What you have to do:
Your whole reply should be the lines from the one that contains "Some of the text" through the last line of the listing, copied exactly.
Top of Records for the exercise
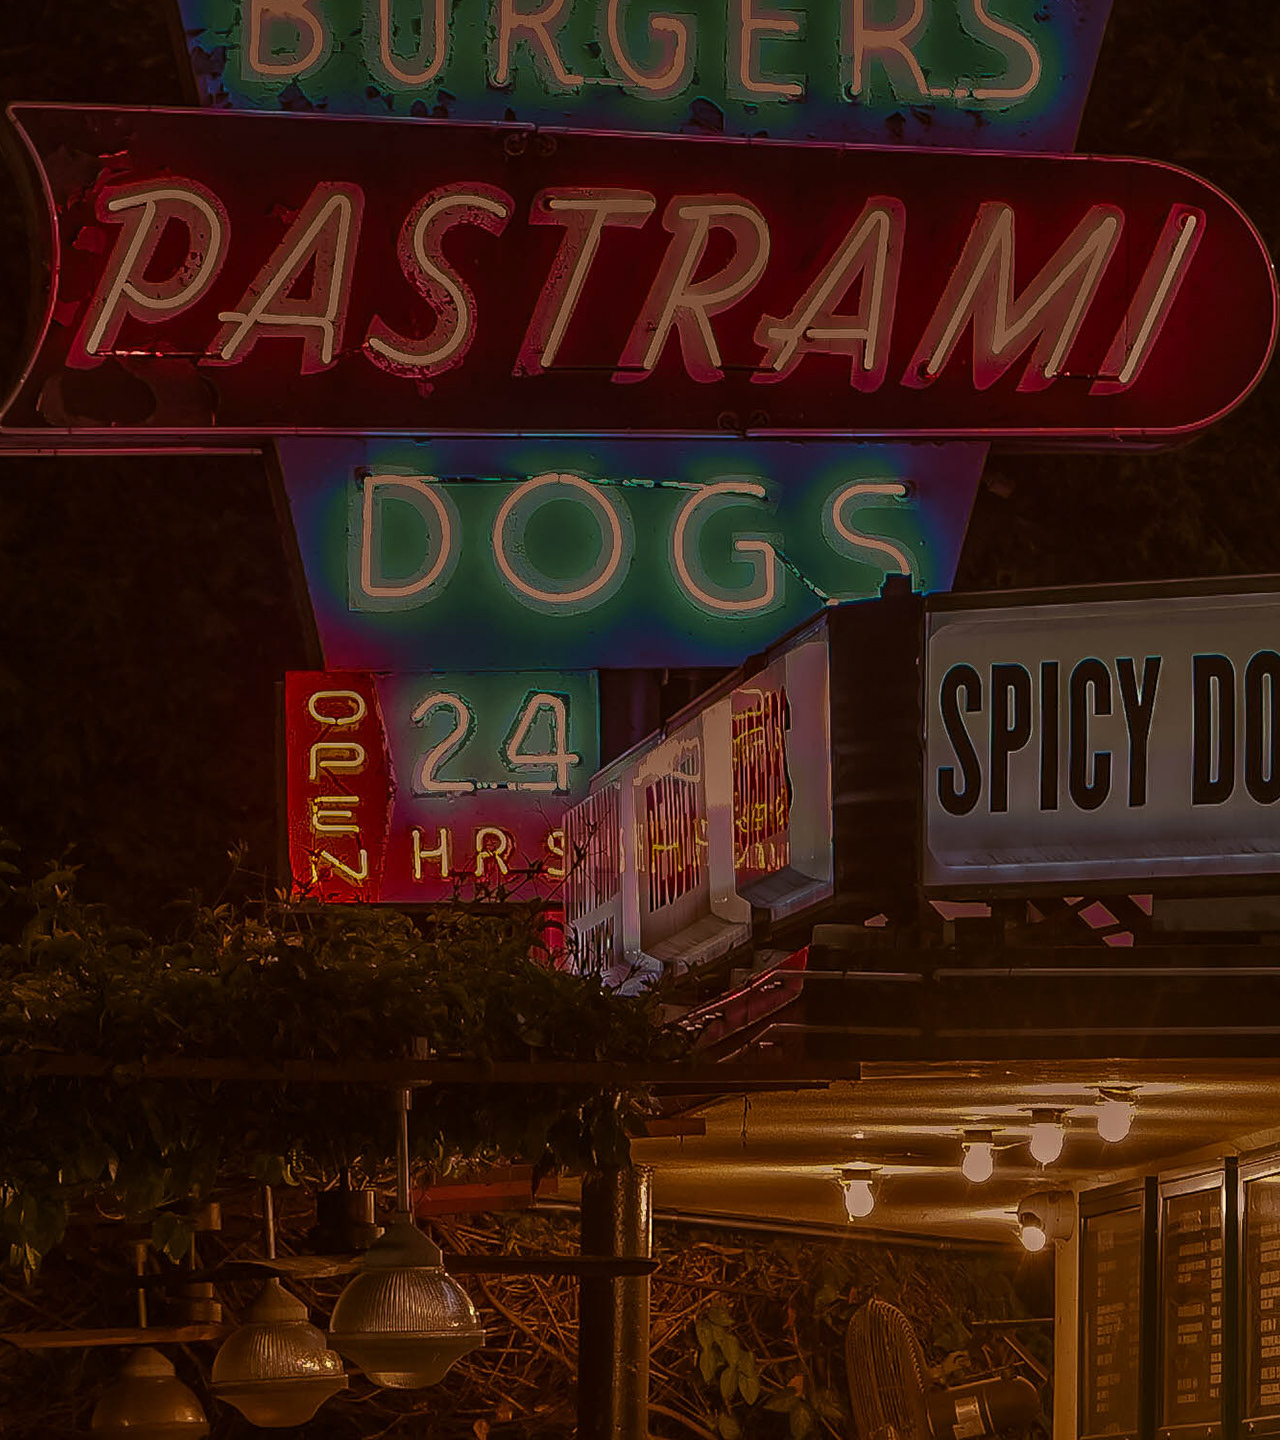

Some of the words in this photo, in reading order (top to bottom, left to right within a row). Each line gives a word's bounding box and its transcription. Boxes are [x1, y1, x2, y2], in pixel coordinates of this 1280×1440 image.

[64, 180, 1206, 398] PASTRAMI
[348, 468, 928, 620] DOGS
[304, 688, 370, 885] OPEN
[410, 688, 582, 796] 24
[936, 656, 1162, 818] SPICY
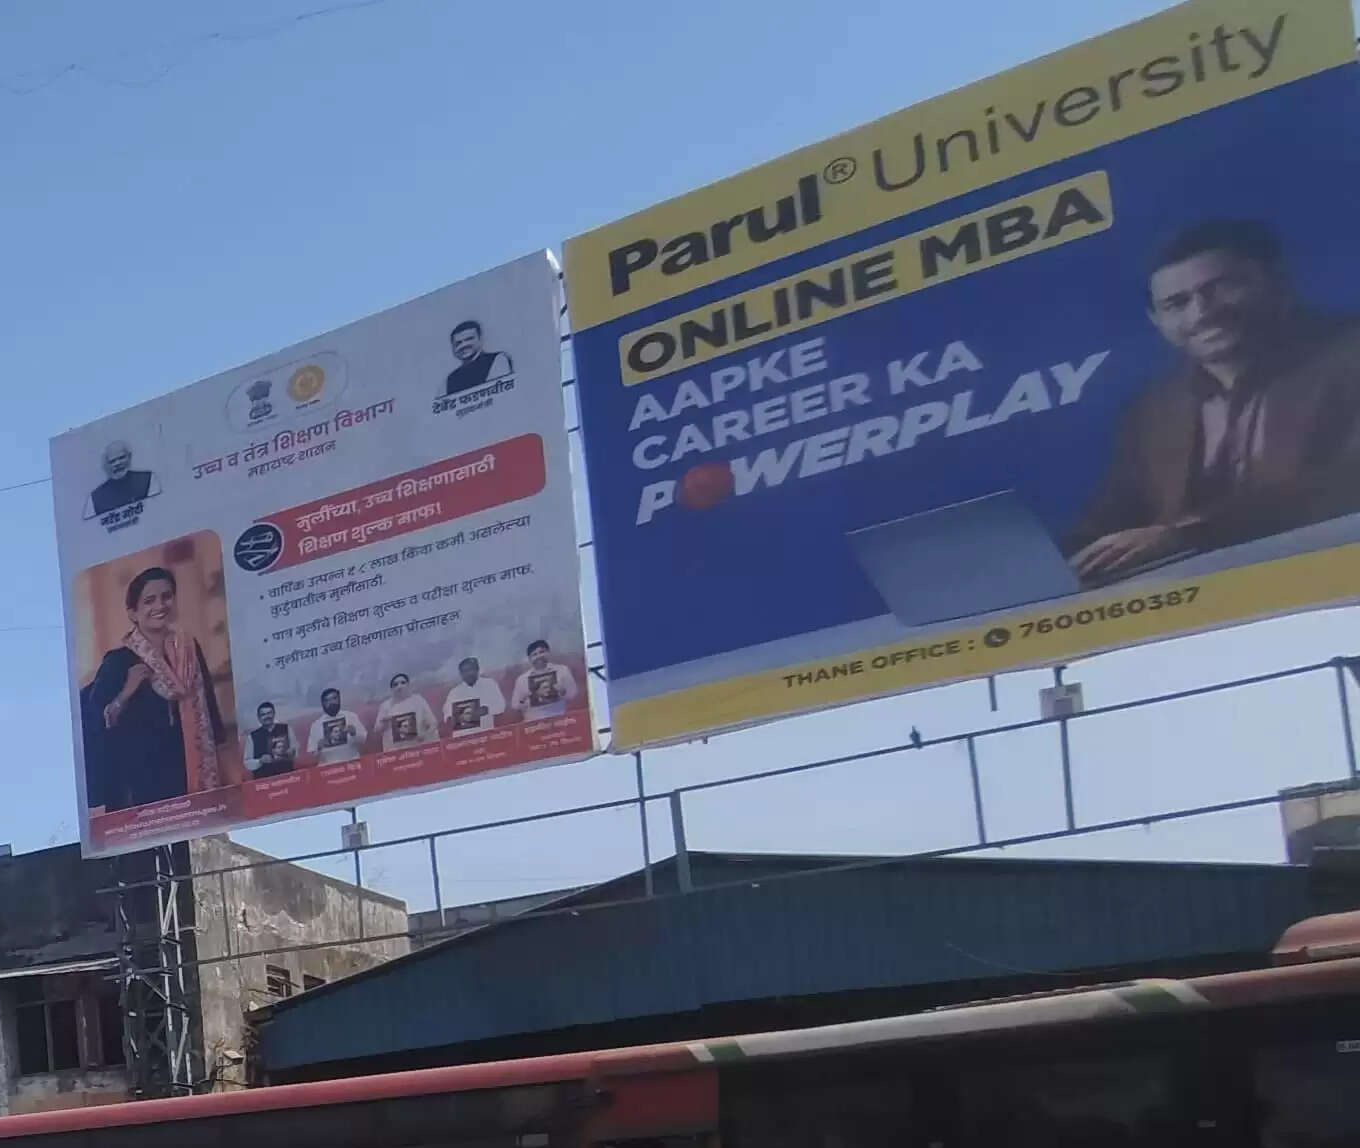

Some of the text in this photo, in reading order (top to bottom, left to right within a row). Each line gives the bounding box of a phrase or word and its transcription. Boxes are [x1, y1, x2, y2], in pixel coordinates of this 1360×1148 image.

[873, 14, 1288, 192] University
[627, 187, 1104, 374] ONLINE MBA
[627, 338, 827, 430] AAPKE
[632, 341, 984, 471] CAREER KA
[191, 397, 396, 480] उच्च व तंत्र शिक्षण विभाग
[364, 488, 394, 509] उच्च
[396, 453, 497, 502] शिक्षणासाठी
[297, 528, 348, 558] शिक्षण
[351, 515, 394, 543] शुल्क
[333, 606, 370, 628] शिक्षण
[372, 596, 409, 619] शुल्क
[409, 594, 420, 607] व
[421, 580, 458, 602] परीक्षा
[461, 570, 497, 594] शुल्क
[783, 661, 864, 689] THANE
[871, 639, 962, 672] OFFICE
[1019, 587, 1200, 639] 7600160387
Bottom of Records for the exercise
Task solution:
Some of the text in this photo, in reading order (top to bottom, left to right within a row). Each line gives the bounding box of a phrase or word and its transcription. Boxes are [x1, y1, x2, y2], in pixel coordinates of this 1360×1148 image.

[873, 14, 1288, 192] University
[627, 187, 1104, 374] ONLINE MBA
[627, 338, 827, 430] AAPKE
[632, 341, 984, 471] CAREER KA
[191, 397, 396, 480] उच्च व तंत्र शिक्षण विभाग
[364, 488, 394, 509] उच्च
[396, 453, 497, 502] शिक्षणासाठी
[297, 528, 348, 558] शिक्षण
[351, 515, 394, 543] शुल्क
[333, 606, 370, 628] शिक्षण
[372, 596, 409, 619] शुल्क
[409, 594, 420, 607] व
[421, 580, 458, 602] परीक्षा
[461, 570, 497, 594] शुल्क
[783, 661, 864, 689] THANE
[871, 639, 962, 672] OFFICE
[1019, 587, 1200, 639] 7600160387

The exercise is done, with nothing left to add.